Cette interprétation restrictive de l’exception a pour corollaire une confirmation de la portée générale de la franchise, ce qui profite directement à la libre circulation des marchandises.
II. La portée de la solution au profit du marché intérieur
En précisant le champ de l’exception, la Cour a par la même occasion consolidé la règle générale en affirmant une définition large de la notion de bagages personnels (A), ce qui aboutit à la consécration d’une franchise étendue pour les combustibles autres que les carburants (B).

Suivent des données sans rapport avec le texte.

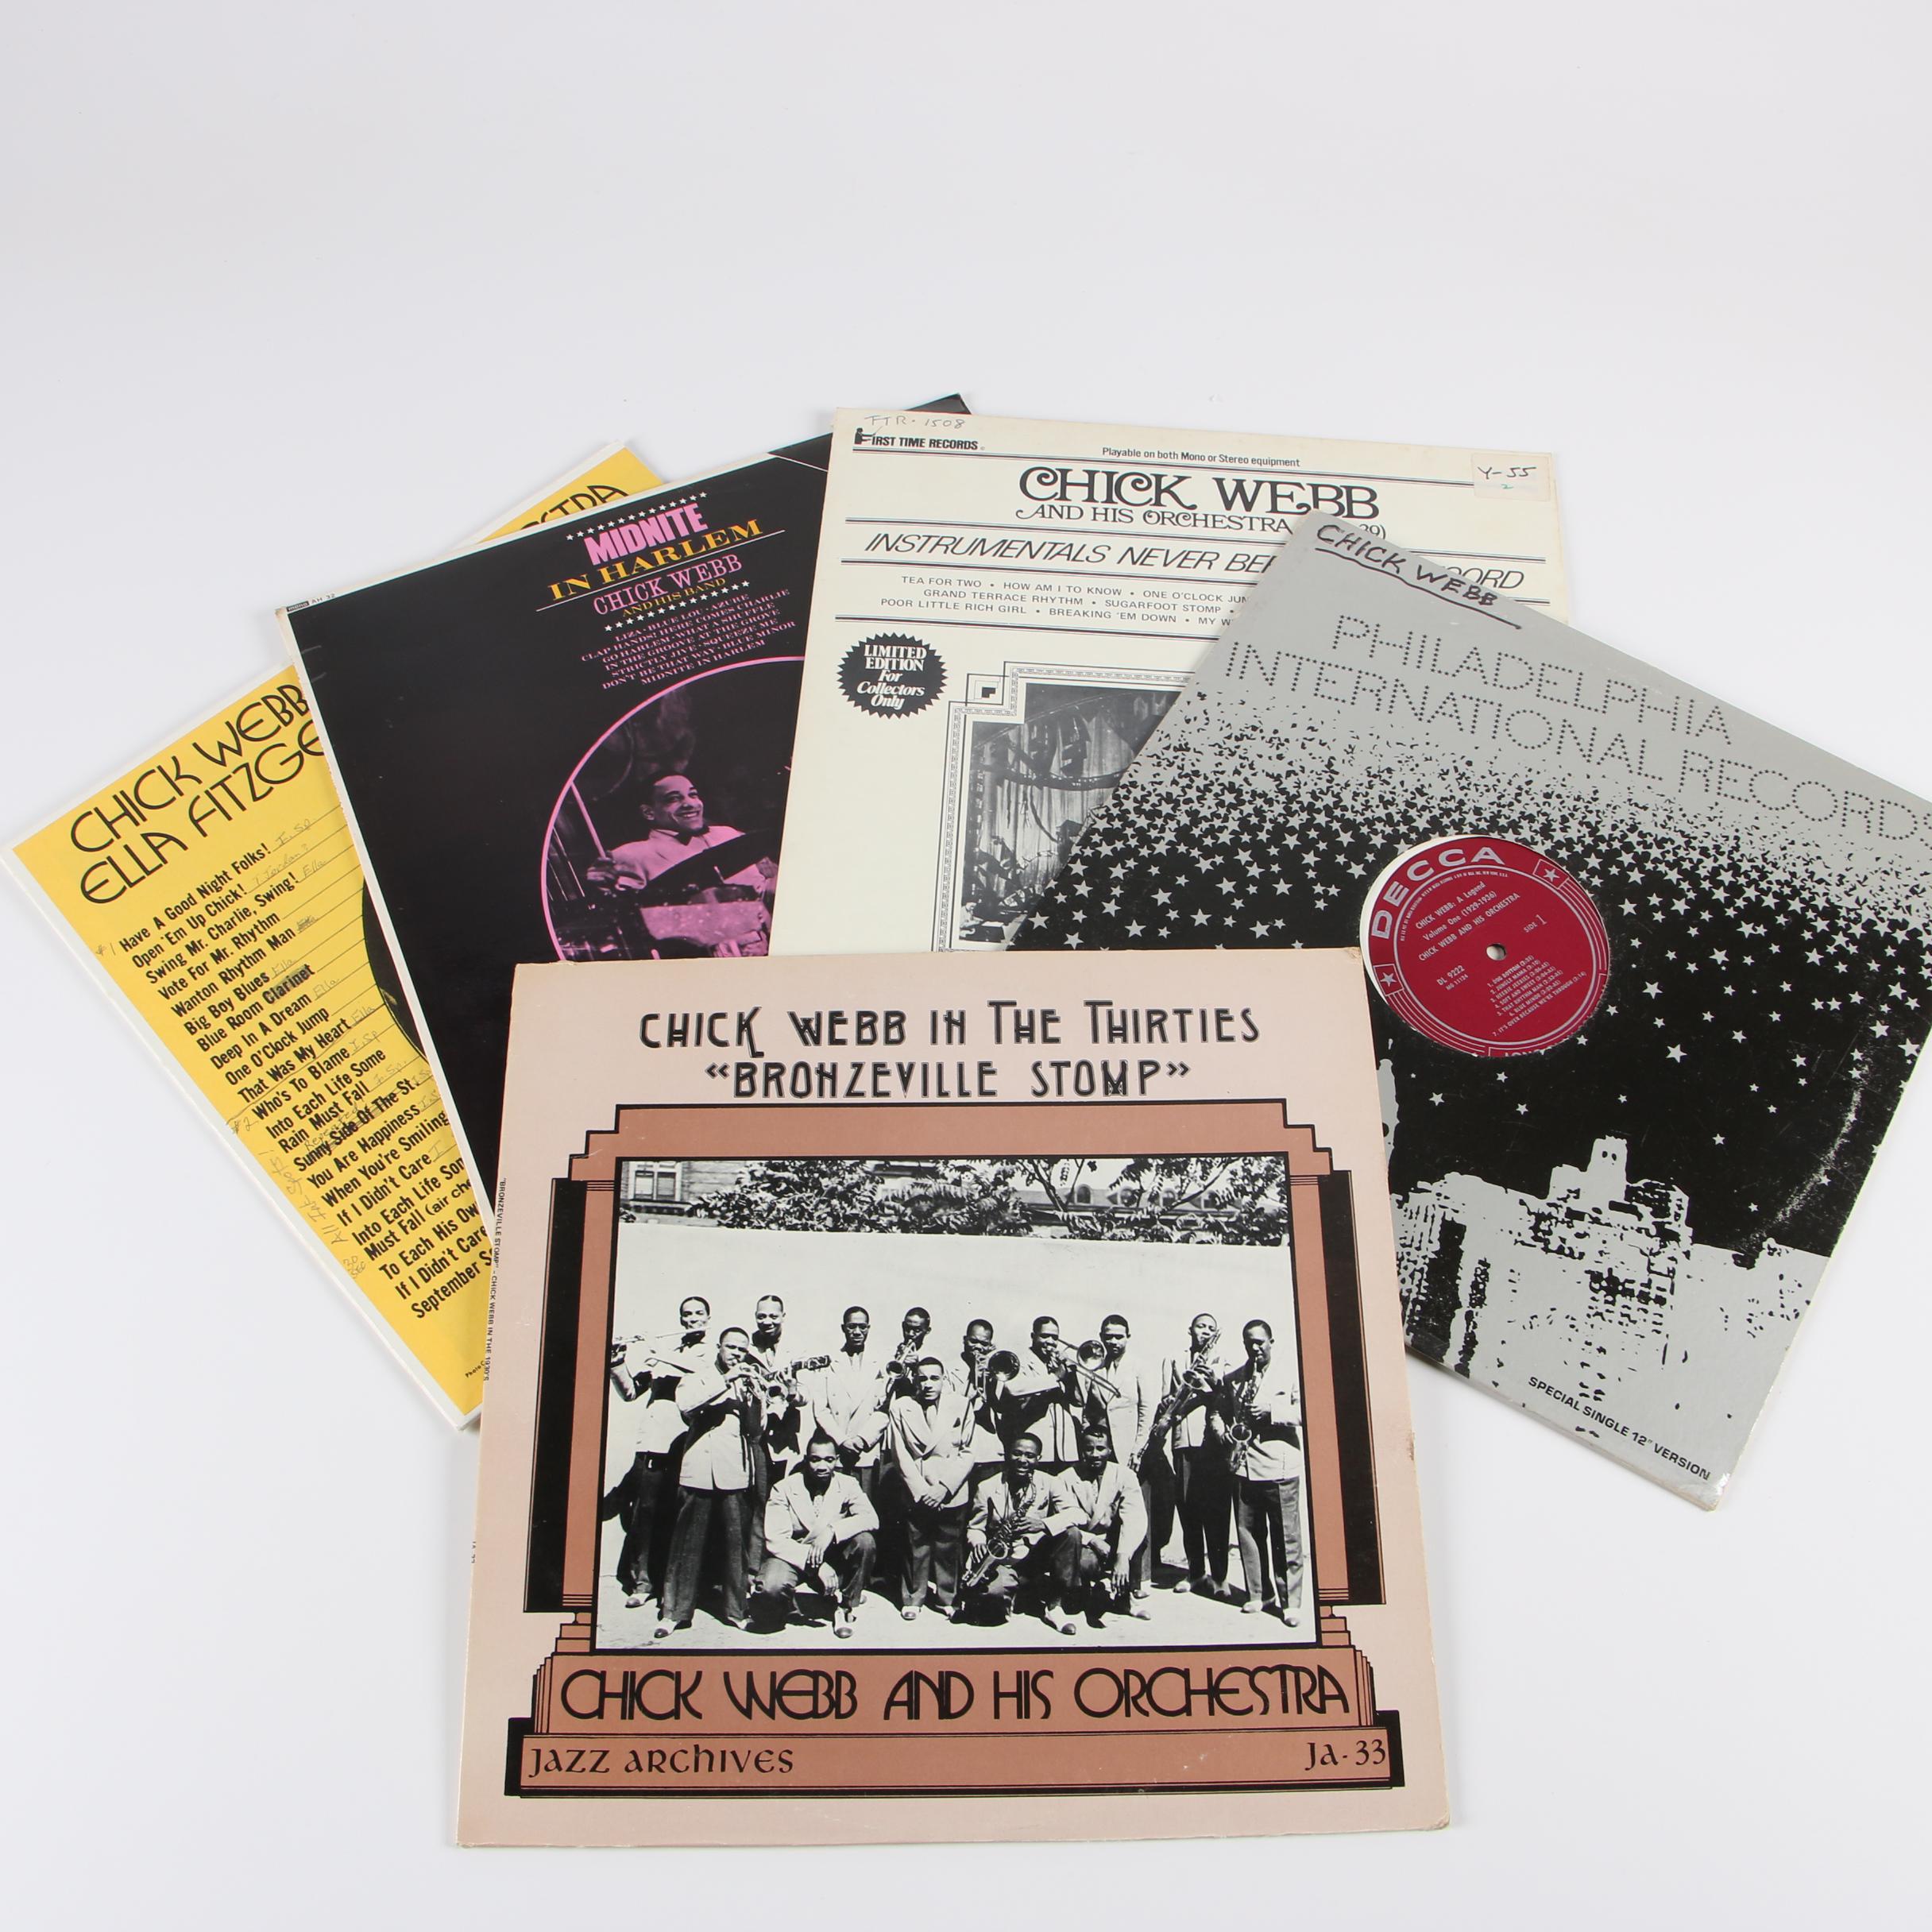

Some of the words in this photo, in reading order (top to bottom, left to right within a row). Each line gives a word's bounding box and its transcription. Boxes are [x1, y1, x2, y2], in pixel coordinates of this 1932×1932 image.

A. L’affirmation d’une conception large de la notion de bagages personnels
L’État membre soutenait, à titre subsidiaire, que si seuls les carburants étaient visés par la limitation de dix litres, les autres combustibles devaient être totalement exclus de la franchise, n’ayant aucun lien avec le voyage. La Cour a rejeté cette argumentation en se fondant sur la définition même des bagages personnels donnée par la directive. Elle a jugé que « la notion de bagages personnels au sens de l’article 3, paragraphe 3, premier alinéa, de la directive (…) est une notion objective, plus large que l’acception courante de ce terme ». Cette notion englobe tout ce que le voyageur peut présenter aux services douaniers à son arrivée. L’exclusion des réservoirs portatifs de carburant de cette catégorie constitue une exception. Conformément à un principe général du droit, les exceptions doivent faire l’objet d’une interprétation stricte. Par conséquent, cette exclusion ne pouvait être étendue par analogie à d’autres types de produits, même s’ils sont contenus dans des réservoirs similaires.

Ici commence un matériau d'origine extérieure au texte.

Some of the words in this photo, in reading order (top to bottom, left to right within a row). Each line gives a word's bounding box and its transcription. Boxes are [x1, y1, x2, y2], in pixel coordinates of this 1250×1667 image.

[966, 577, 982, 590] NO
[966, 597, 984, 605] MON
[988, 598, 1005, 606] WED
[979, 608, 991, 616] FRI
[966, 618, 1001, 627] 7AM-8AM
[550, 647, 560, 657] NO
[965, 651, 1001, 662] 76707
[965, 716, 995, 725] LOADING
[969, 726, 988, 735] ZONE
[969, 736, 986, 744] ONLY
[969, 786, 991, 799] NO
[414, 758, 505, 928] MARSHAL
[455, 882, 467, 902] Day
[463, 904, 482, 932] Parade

B. La consécration d’une franchise étendue pour les combustibles non-carburants
La conclusion logique du raisonnement de la Cour est que les combustibles qui ne sont pas des carburants pour moteur à explosion relèvent du régime général des franchises. En refusant d’étendre la restriction de dix litres à ces produits, la Cour confirme qu’ils peuvent être importés en franchise de taxes dans les limites de valeur applicables aux bagages personnels des voyageurs. La décision a donc une portée significative, car elle empêche les États membres de restreindre indûment la libre circulation de marchandises sous couvert d’une ambiguïté textuelle dans une directive. En jugeant que « les combustibles autres que le carburant, que le voyageur est en mesure de présenter au service des douanes, relèvent de la notion de « bagages personnels » », la Cour ne se contente pas de sanctionner un manquement ponctuel ; elle adresse un signal clair sur la manière dont les franchises, éléments essentiels à la perception d’un marché intérieur par les citoyens, doivent être mises en œuvre. Cet arrêt renforce ainsi la primauté d’une interprétation favorisant les libertés garanties par le traité sur les lectures restrictives motivées par des considérations nationales.